Diskusi berlangsung secara partisipatif dengan menekankan pentingnya kebijakan yang berbasis pada kondisi riil mahasiswa, terutama untuk pendidikan vokasi yang mengutamakan pembelajaran berbasis praktik. Beberapa peserta menyoroti bahwa penerapan PJJ tidak dapat dilakukan secara seragam tanpa mempertimbangkan kesenjangan akses teknologi serta penyesuaian mata kuliah. Salah satu tamu undangan Muhammad Akbar Bayu Septiawan, Menteri Republik dan Politik BEM PKN STAN menyatakan “PJJ dapat dilakukan dengan pemilihan mata kuliah tertentu seperti mata kuliah teoritis yang tidak perlu banyak penyesuaian. Mata Kuliah praktikal harus tetap dilakukan offline agar tetap efektif.”

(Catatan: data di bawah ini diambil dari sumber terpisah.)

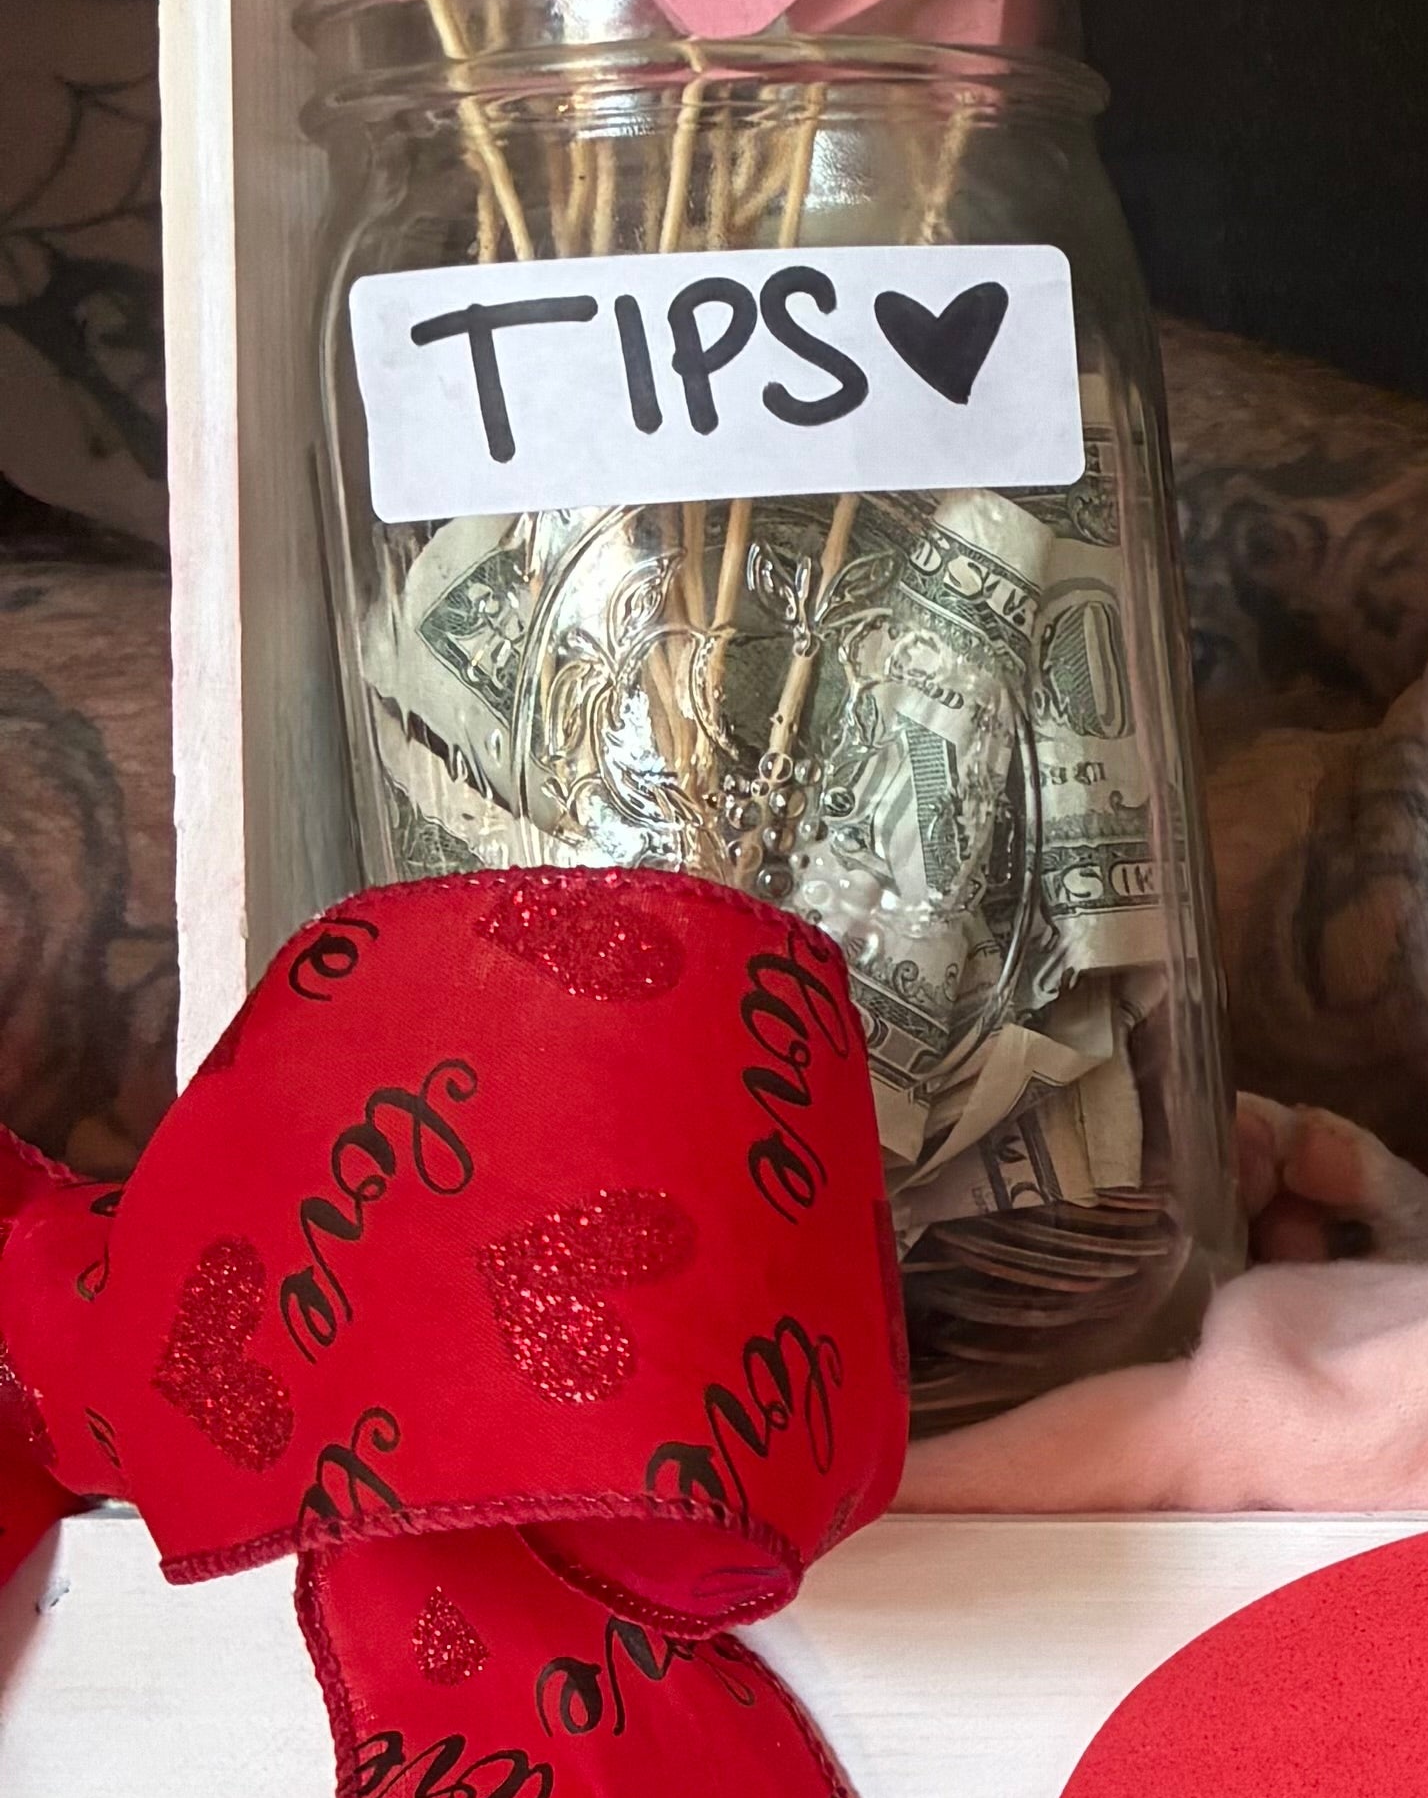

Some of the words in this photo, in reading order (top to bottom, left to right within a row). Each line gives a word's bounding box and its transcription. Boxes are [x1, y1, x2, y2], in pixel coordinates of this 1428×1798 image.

Selain FGD, kegiatan ini juga menghasilkan sebuah langkah konkret berupa penyusunan dan penandatanganan Surat Pernyataan Sikap Anti-Kekerasan Seksual dalam Dunia Pendidikan yang ditandatangani  oleh ke-13 perwakilan organisasi politeknik dan perguruan tinggi kedinasan. Dokumen ini menjadi bentuk komitmen bersama mahasiswa dalam menciptakan ruang belajar yang aman, inklusif, dan bebas dari segala bentuk kekerasan seksual. Pernyataan sikap tersebut direncanakan akan dideklarasikan secara luas sebagai bagian dari gerakan kolektif mahasiswa lintas kampus.

Melalui kegiatan ini, mahasiswa politeknik dan PTK se-Jabodetabek menunjukkan komitmennya untuk tidak hanya menjadi objek kebijakan, tetapi juga subjek yang aktif dalam merumuskan solusi atas tantangan yang dihadapi dunia pendidikan saat ini.